Monitoring Membrane Potential with Second-Harmonic Generation Stacy A. Wilson, Andrew Millard, Aaron Lewis, and Leslie M. Loew

This protocol describes the nonlinear optical phenomenon known as second-harmonic generation (SHG) and discusses its special attributes for imaging membrane-potential changes in single cells and multicellular preparations. Undifferentiated N1E-115 mouse neuroblastoma cells are used as a model cellular system for membrane electrophysiology. Styryl and naphthylstyryl dyes, also known as hemicyanines, are a class of electrochromic membrane-staining probes that have been used to monitor membrane potential by fluorescence; they also produce SHG images of cell membranes with SHG intensities that are sensitive to voltage.
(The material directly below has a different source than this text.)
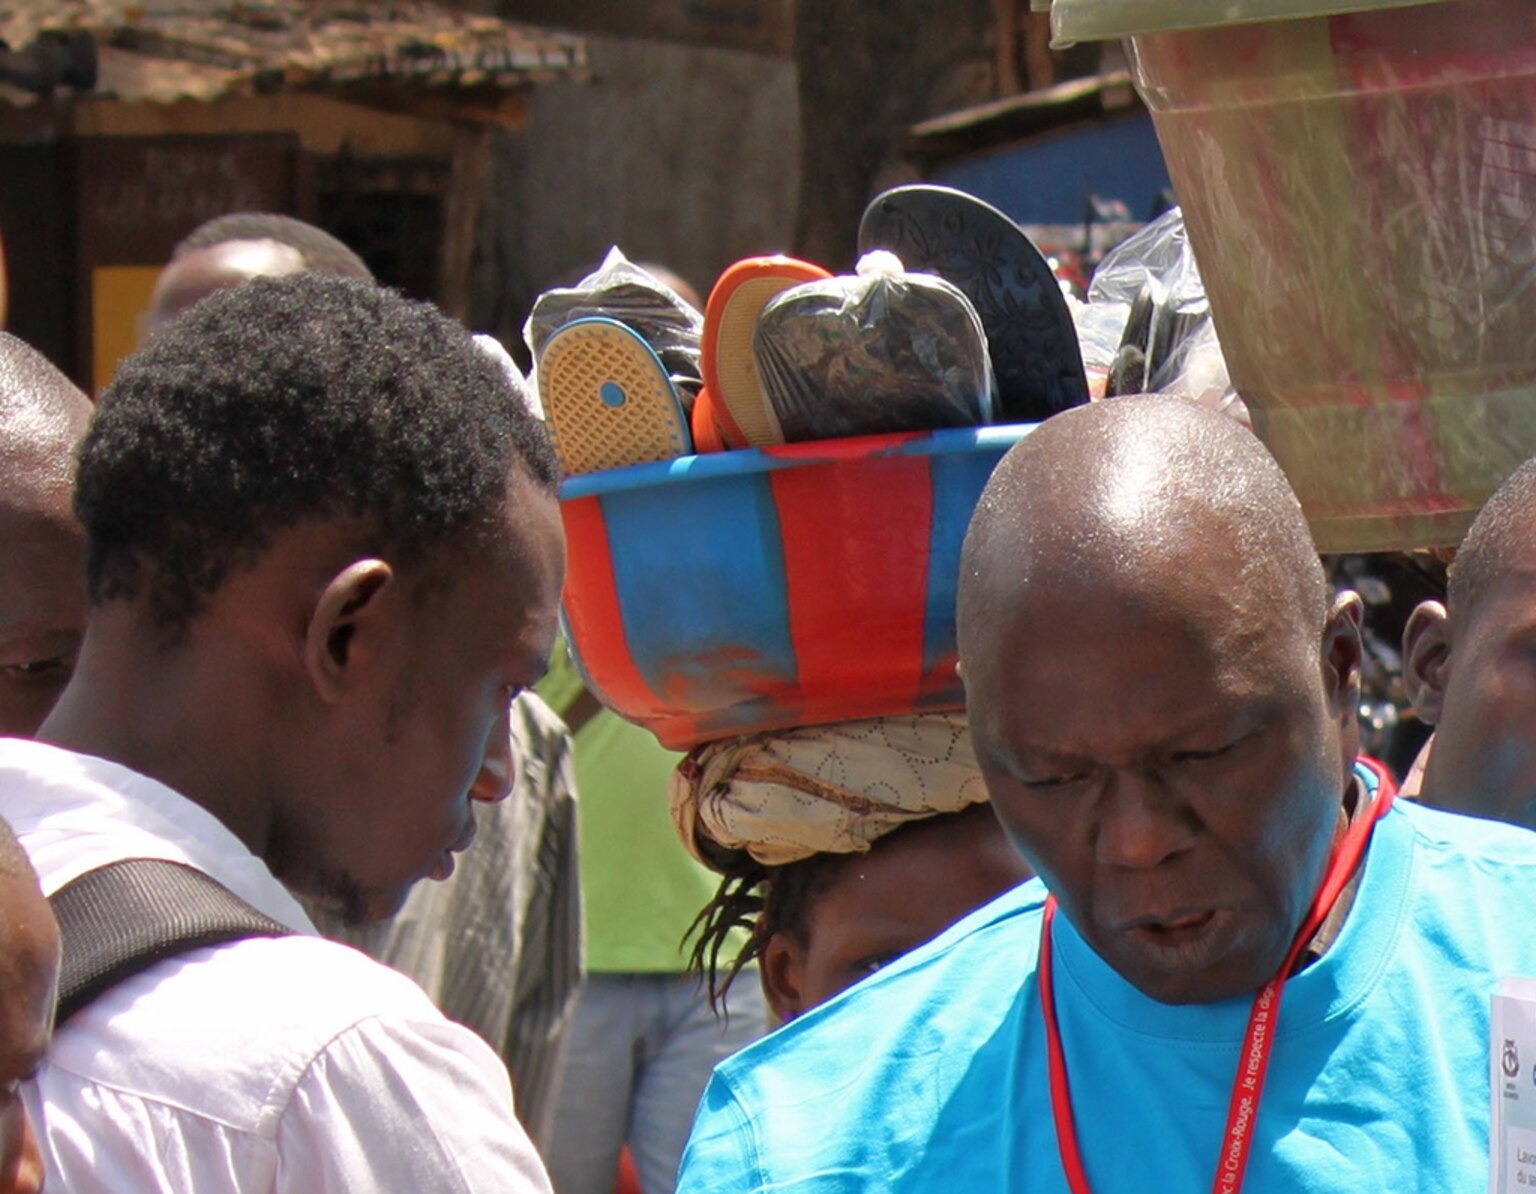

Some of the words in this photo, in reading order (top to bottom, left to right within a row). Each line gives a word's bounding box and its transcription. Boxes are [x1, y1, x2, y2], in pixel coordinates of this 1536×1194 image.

These experiments allow for the precise characterization of the voltage sensitivity of SHG and identification of the optimal wavelength for the incident laser fundamental light. This protocol presents the steps for the culture, staining, patching, and imaging of cells. The details of the imaging system and the measurements obtained are discussed, as are the prospects of this technology for imaging membrane potential changes in neuronal preparations.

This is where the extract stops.